Aside from the questionable value of peer review (many of us here have completely lost any faith we may have had in that process over the course of the last 2 years, and have lost respect too for the meaningfulness of whether something has been peer-reviewed or not, and that alone highlights the urgent need for reform of the process, which I believe should be very much along the lines that Esther12 has suggested), this does indeed seem to be another positive XMRV study, as Jemal has pointed out.
Since the thread is at risk of being sidetracked onto these questions about how significant peer review is (and it's a relevant question because many of us might well be sceptical that it will be possible for this study to be published precisely because it
is positive), could we perhaps hear more about the implications of this study assuming that it
is valid?
It seems to me that this indicates that Silverman et al are continuing undaunted with XMRV research - which is good news - and that they are continuing to detect XMRV by nested RT-PCR in prostate cancer patients - focusing now on detection in the urine and highlighting the low copy numbers and the "challenges of performing PCR methods as an indicator of XMRV infections". This last sentence, in particular, seems to indicate that Silverman and his group remain entirely unconvinced by the contamination theory, and undaunted by the negative studies.
Quick scan of the paper:
36/143 prostate cancer samples positive (25.2%), 2/63 control samples positive (3.2%) (see p.41 of the paper)
http://etd.ohiolink.edu/send-pdf.cgi/Barton Maria.pdf?kent1309619878, and >99% sequence identity to VP62 ("one nucleotide change in more than 200 nts")...which doesn't appear to worry the team in terms of sequence conservation.
These numbers are once again very much consistent with the previous positive studies, including the rate of infection found in controls.
I guess this may mean that this study can't be published or reported in the press, although (unlike CFS) it does appear that research into the association of XMRV with prostate cancer is still being permitted at present. But to reiterate a point that many of us have made ad nauseam on this forum: if the prostate cancer studies are valid (and the consistent differential rates found by those who
do find it strongly suggest that they are), then the background rate of infection that those studies find in healthy controls is inconsistent with the negative XMRV/CFS studies that failed to find any XMRV in anyone. Statistically it is virtually impossible for valid XMRV assays to fail to detect any XMRV at all in a control group, if XMRV really is present in healthy controls at the levels that this study and others have indicated. We've crunched those numbers often enough and the probability of failing to detect any at all with a valid assay is vanishingly low.
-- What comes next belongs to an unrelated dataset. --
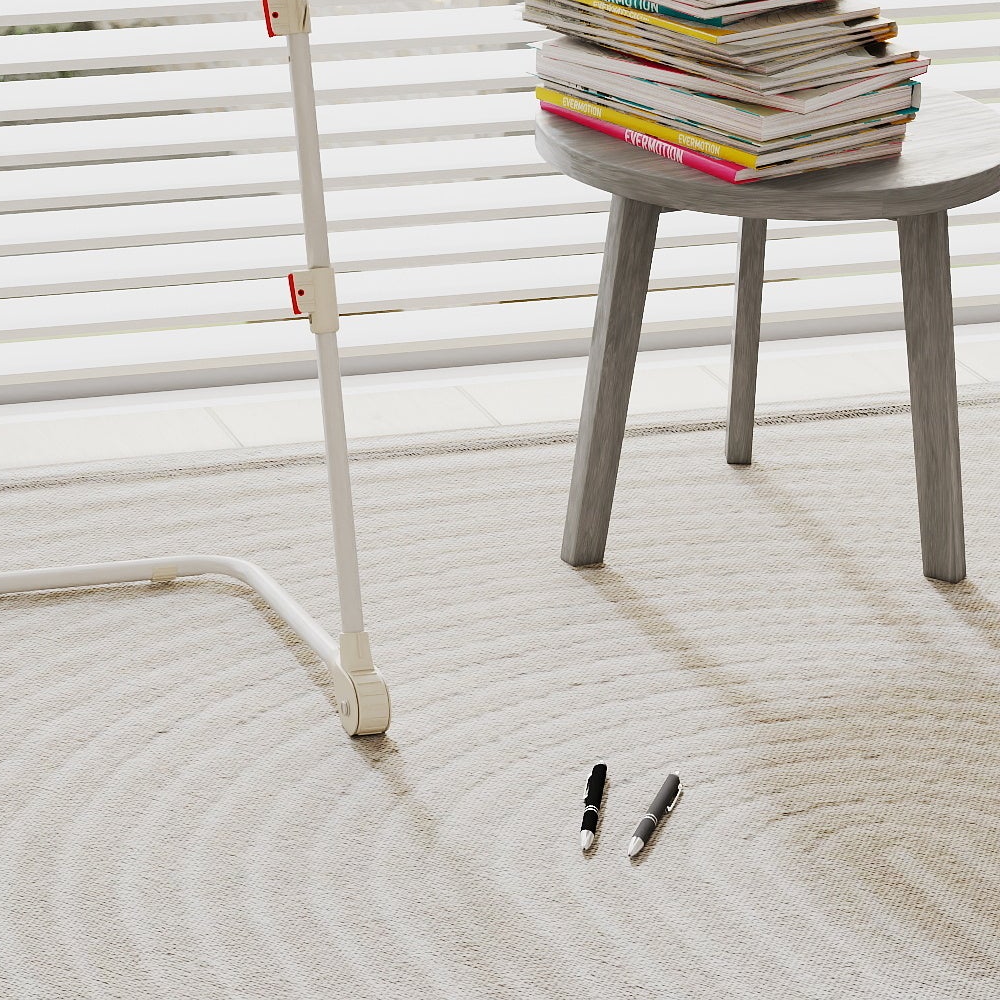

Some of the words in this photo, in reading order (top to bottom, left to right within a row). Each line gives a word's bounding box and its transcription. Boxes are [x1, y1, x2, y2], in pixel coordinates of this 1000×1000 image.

[562, 97, 603, 118] EVERMOTION
[624, 129, 684, 164] EVERMOTION
[678, 134, 720, 156] EVERMOTION
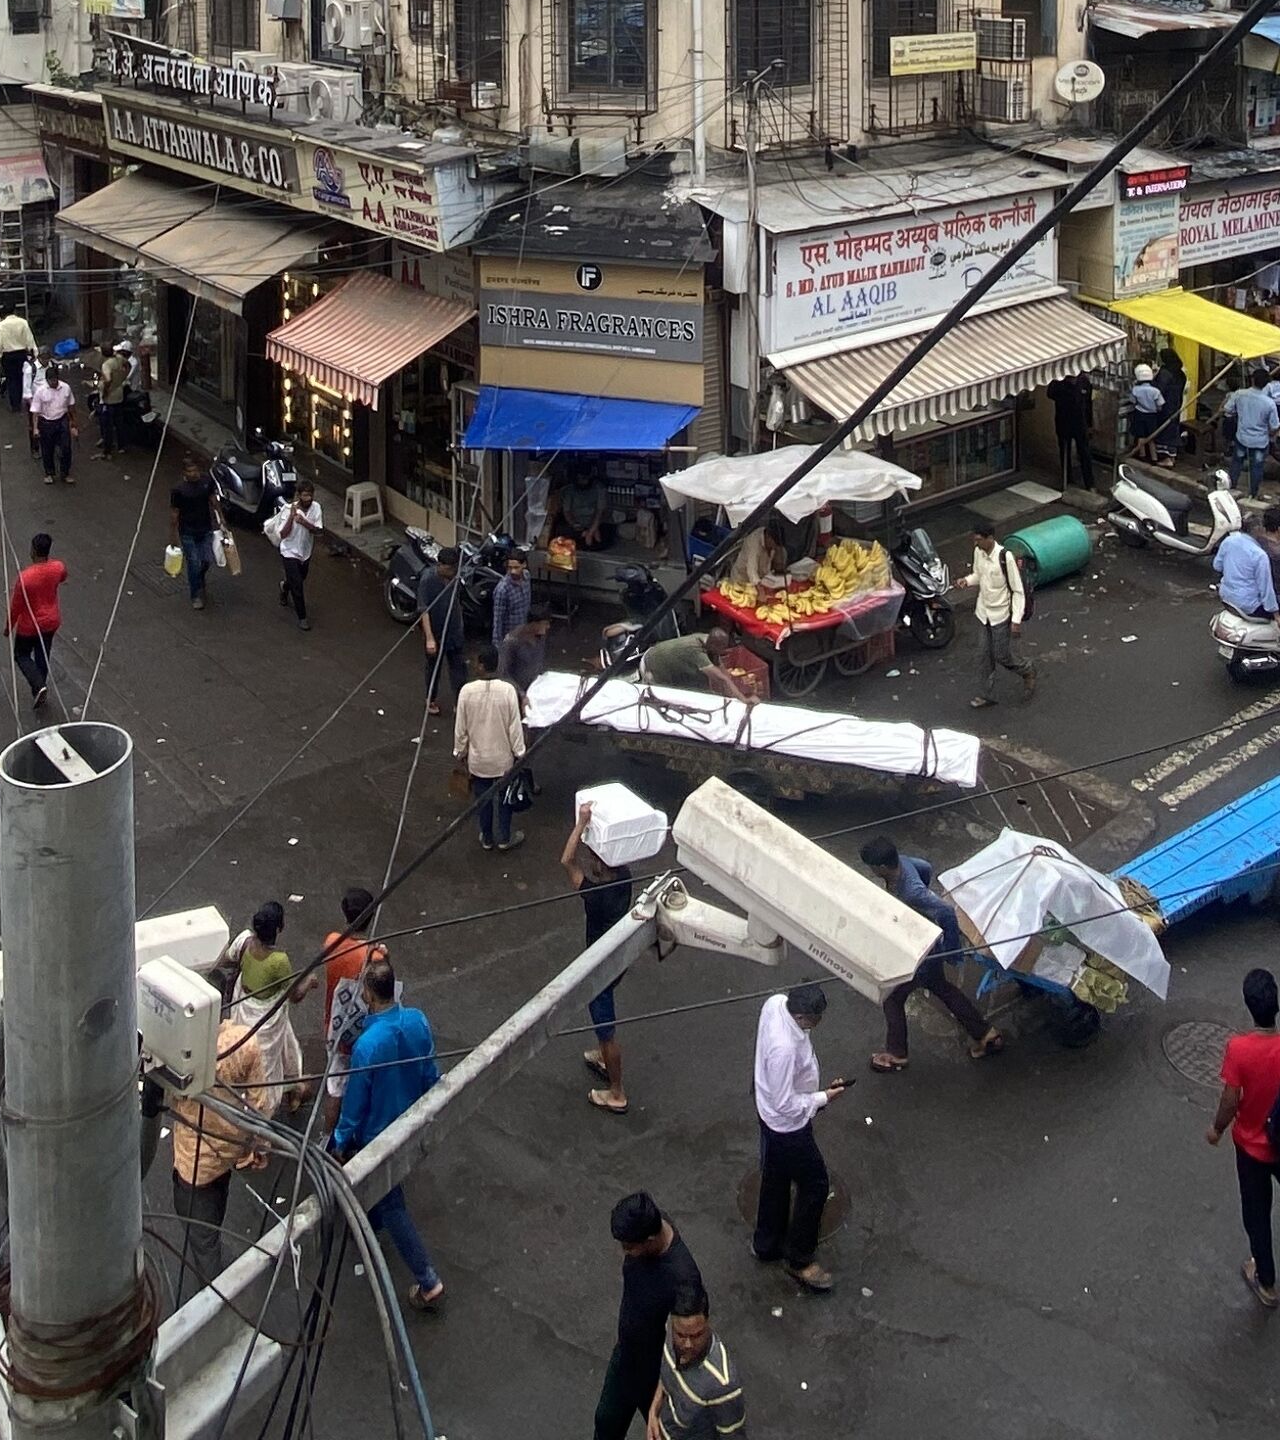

So: these results are consistent with previous positive findings of XMRV in prostate cancer, supportive of the positive XMRV/CFS studies, and inconsistent with the negative XMRV/CFS studies.
It's a positive XMRV study whichever way you slice it, and if the peer review process is going to kick it into the long grass then I think it should be quite obvious why that peer review process needs to be open and transparent if scientists expect informed observers with an interest in ME/CFS to have any trust at all in the trustworthiness of the process.
And given that we also hear that retroviruses such as XMRV are now known to have been created in labs since the 1970s and transmitted horizontally between cell lines surprisingly easily, and thus that these retroviruses are artificial creations, routinely created in labs, which appear to be associated with prostate cancer, ME/CFS and other illnesses, the sheer scale of the controversial implications of what is already known makes it pretty clear that XMRV in ME/CFS is a reality that science simply does not want to face, and certainly does not want to discuss in public at this point in time. And meanwhile...it's back to the CBT and GET for all...and anyone who complains too loudly is just rude...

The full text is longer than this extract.